With the support of a new Democratic governor, advocates for a state assault weaponsban said yesterday that they have the legislative backing and momentum to pass a bill this session.
"We are hopeful that the new political landscape will make a difference this year," said Sen. Michael G. Lenett, the Montgomery County Democrat sponsoring the proposal.
Gov. Martin O'Malley and state Attorney General Douglas F. Gansler are behind a proposal that would forbid the transport, sale, possession or purchase of military-style assault weapons. The 11-member Senate Judicial Proceedings Committee, which heard hours of testimony yesterday on the proposal, appears split on the matter. If the bill were defeated in committee, it would take 16 senators to petition the initiative to the floor; the bill has 21 co-sponsors.
A proposed state ban died last year in the General Assembly. Then-Gov. Robert L. Ehrlich Jr., a Republican who had voted in 1996 while a member of Congress to repeal the federal assault weapons ban, didn't push for tougher state legislation.
The proposed assault weapons ban is the latest issue that had fizzled under Ehrlich to be resurrected with O'Malley at the helm. Tougher emissions standards for automobiles is another. Stem cell research will benefit from an additional $10 million commitment from O'Malley, a promise he made since being sworn in last month. And the governor lobbied last week for repeal of the death penalty.
O'Malley submitted a letter of support to the Senate committee yesterday, urging passage of the assault weapons ban, which designates 45 firearms as assault weapons.
"More than 600 people die in Maryland each year from gun violence -- on average, more than 50 victims every month," the governor said in a statement. "Assault weapons are so frequently used in crime that one assault rifle is traced back to a Maryland crime every 48 hours. This legislation will help prevent these guns from reaching Maryland streets and will therefore assist law enforcement efforts to keep our communities safe."
Gansler, a Democrat and former Montgomery County prosecutor, provided the committee with his endorsement as well. "Weapons optimized for killing large numbers of people as quickly and efficiently as possible have no place on the streets of our communities," he wrote in a letter.
In addition to the ban, the bill would impose a registration requirement and give gun owners a 60-day period, effective Oct. 1, to file the required information with the secretary of the state police.
Opponents, who packed the committee room and adjoining lounge wearing buttons with a slash through the bill number, testified yesterday that their Second Amendment rights would be violated should the bill be passed.
"We as abiding citizens will not be controlled by criminals," said John Hutchinson, a Montgomery County hunter and competitive marksman.
Clyde Lutter, a Gaithersburg engineer, said the proposed ban would "make us all less safe."

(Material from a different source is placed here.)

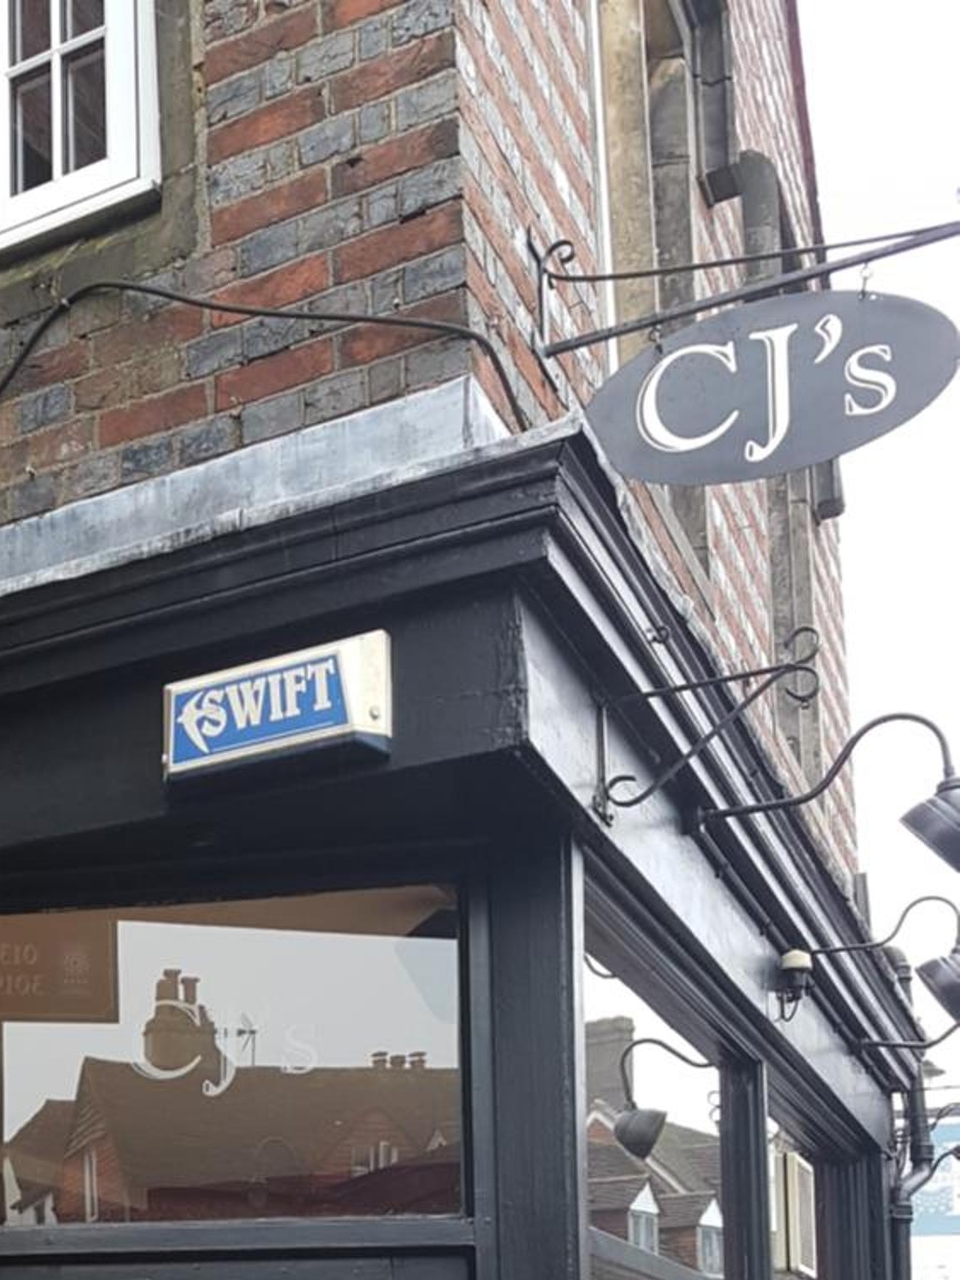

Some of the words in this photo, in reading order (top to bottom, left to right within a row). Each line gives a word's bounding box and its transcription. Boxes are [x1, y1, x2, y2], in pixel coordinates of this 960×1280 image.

[636, 314, 897, 462] CJ's
[200, 658, 336, 738] SWIFT
[131, 1000, 320, 1097] CJs
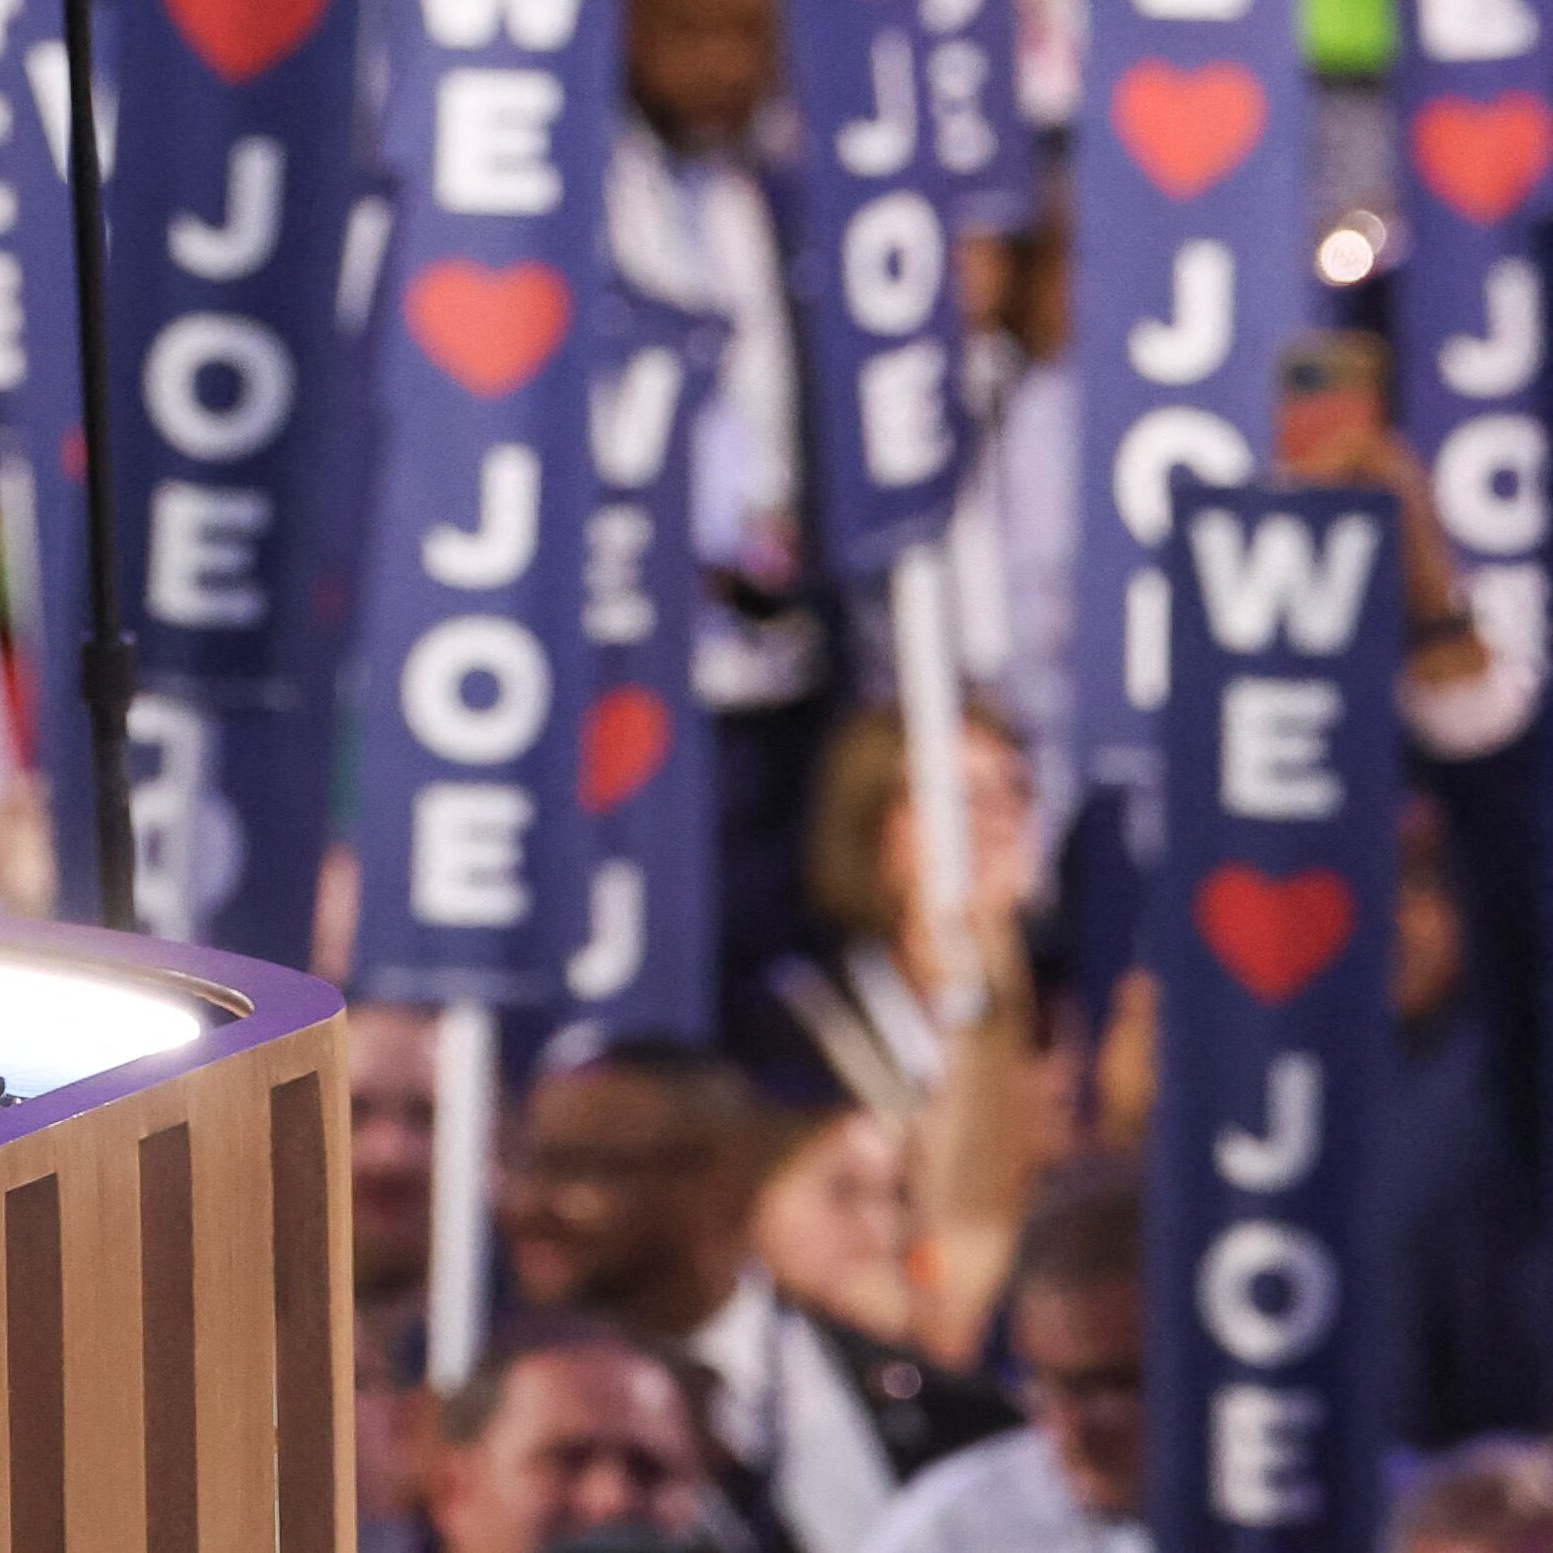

"The Second Amendment is not about hunting. It's not about sport. ... It's about self-defense," he said. Supporters of the ban testified that it would keep dangerous weapons off the streets and out of criminals' hands, that civilians have no need for weapons that are used in warfare in Iraq and Afghanistan.
Dale Miller, a 20-year-old from Calvert County, tearfully told the committee about her father, an FBI agent who was murdered in Washington police headquarters in 1997. The shooter was carrying a compact assault weapon, according to news reports.
"No little girl should have to grow up without her father, should have to walk down the aisle alone on her wedding day," she said.
Proponents also lauded Maryland for the 1994 passage of a ban on assault pistols but urged that the law be expanded to prevent tragedies such as the 2002 Washington-area sniper shootings.
Paul Helmke, president and CEO of the Brady Campaign to Prevent Gun Violence, said most big-city mayors and police chiefs around the country are supportive.
"Maryland's doing a lot better than most states, but it could be doing better," said Helmke.
Representatives of the Maryland State Police testified in favor of the Maryland ban, saying it would help keep officers safe. A spokesman for the Fraternal Order of Police lobbied against it, however, arguing that it would be difficult to enforce.